Edward strode into his office at 4 Whitehall Place and slammed the door shut.

Impotent rage boiled in his blood. Lord Cavendale might be dead, but that didn’t change the fact he was an insipid, evil, loathsome bastard.

Edward would give a great sum of money to turn back time and find the wretched, diseased man long before Ivy ever drew breath.

He would dismantle him one piece at a time, ensuring his vile appetites would never touch his defenceless daughter.

The sins of men against women were a cruelty never failing to astound Edward.

‘I noticed you finally arrived and in a great temper. That should make our work today far more efficient.’ Reading entered, a folder in his elegant hands.

‘Not now.’ Edward’s black glare should have sent the man running.
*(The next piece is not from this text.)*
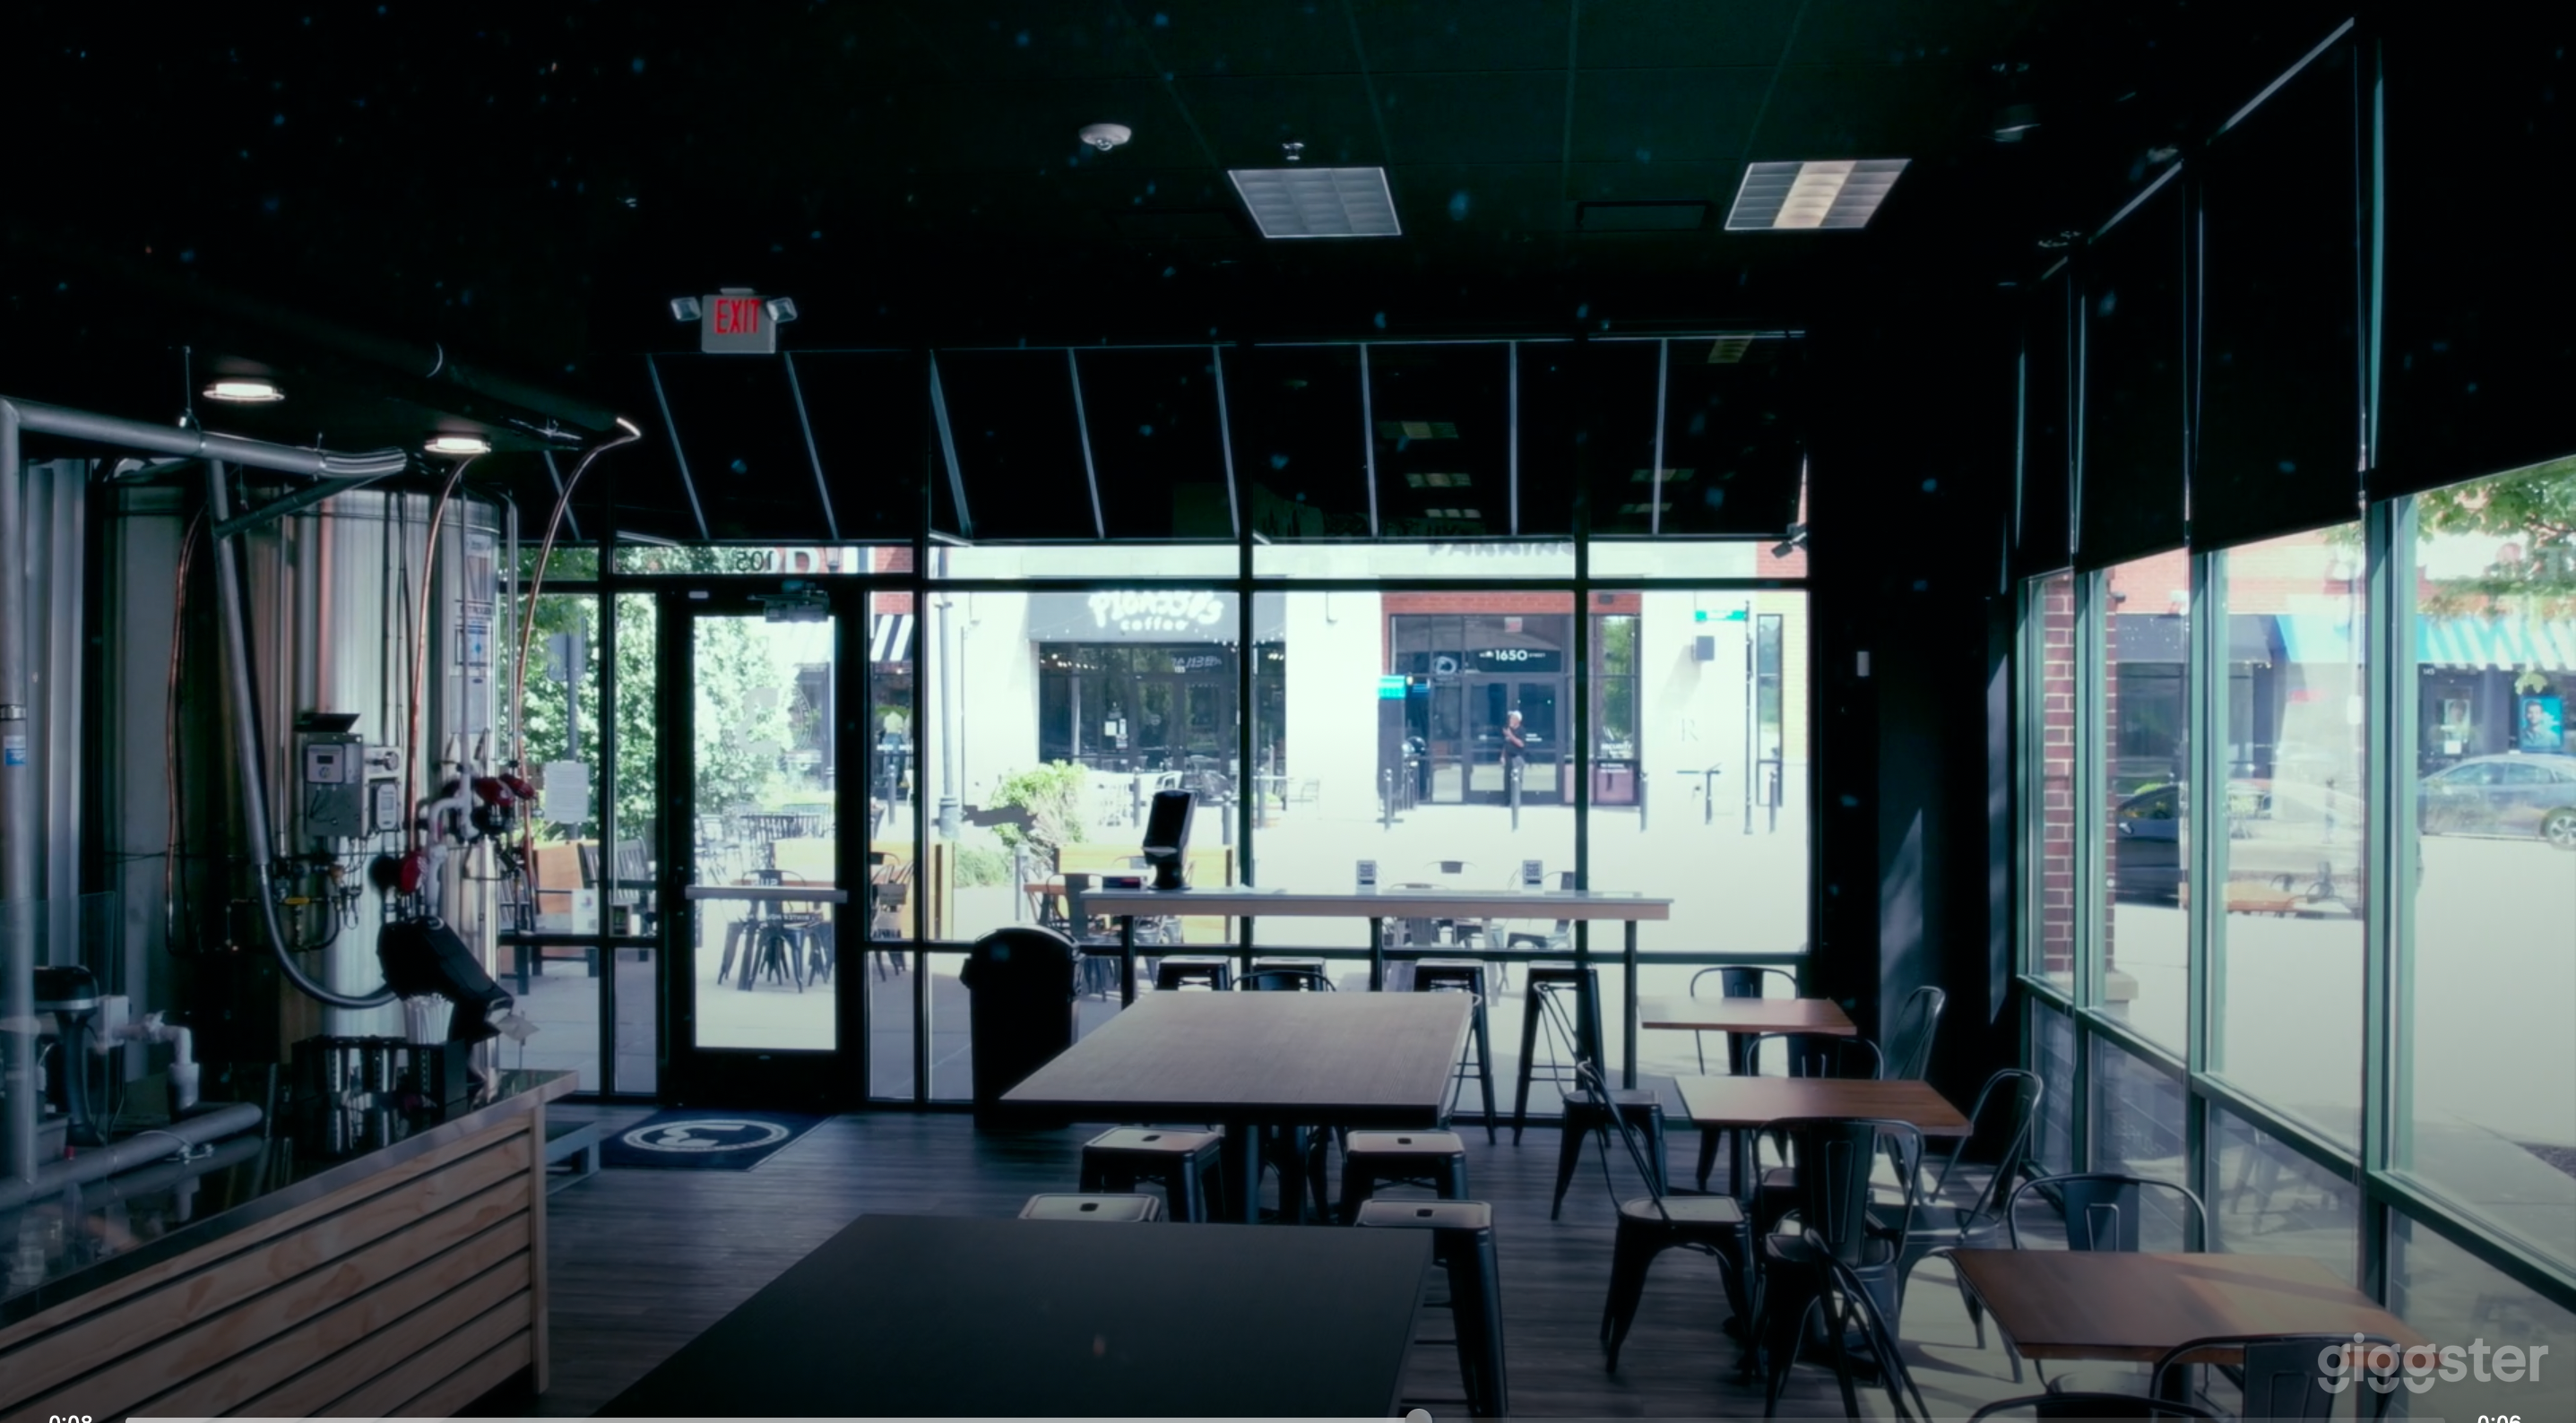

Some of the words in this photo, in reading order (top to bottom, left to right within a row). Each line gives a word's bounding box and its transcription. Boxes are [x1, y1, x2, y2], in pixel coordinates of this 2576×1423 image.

[714, 298, 760, 333] EXIT
[1120, 616, 1189, 631] coffee
[1495, 650, 1527, 661] 1650
Any other person would have tucked tail and hidden far away.

Reading stepped closer.

Contrary, smug wisp of a man.

‘I have new information that might pertain to the Devil’s Sons. Perhaps you would care to drag yourself out of your snit for a moment to review these files.’ Reading placed the folio on Edward’s desk and retreated a step, clasping his hands behind him.

‘These are financial records.’

Reading nodded. ‘Well done, sir.’

Edward bit back the sharp retort wanting to burst free; it would only be a waste of air. If Reading weren’t so good at his job, and one of the few men willing to stand up to Edward, and remarkably skilled at research, and possibly Edward’s only friend, he would have dismissed him by now.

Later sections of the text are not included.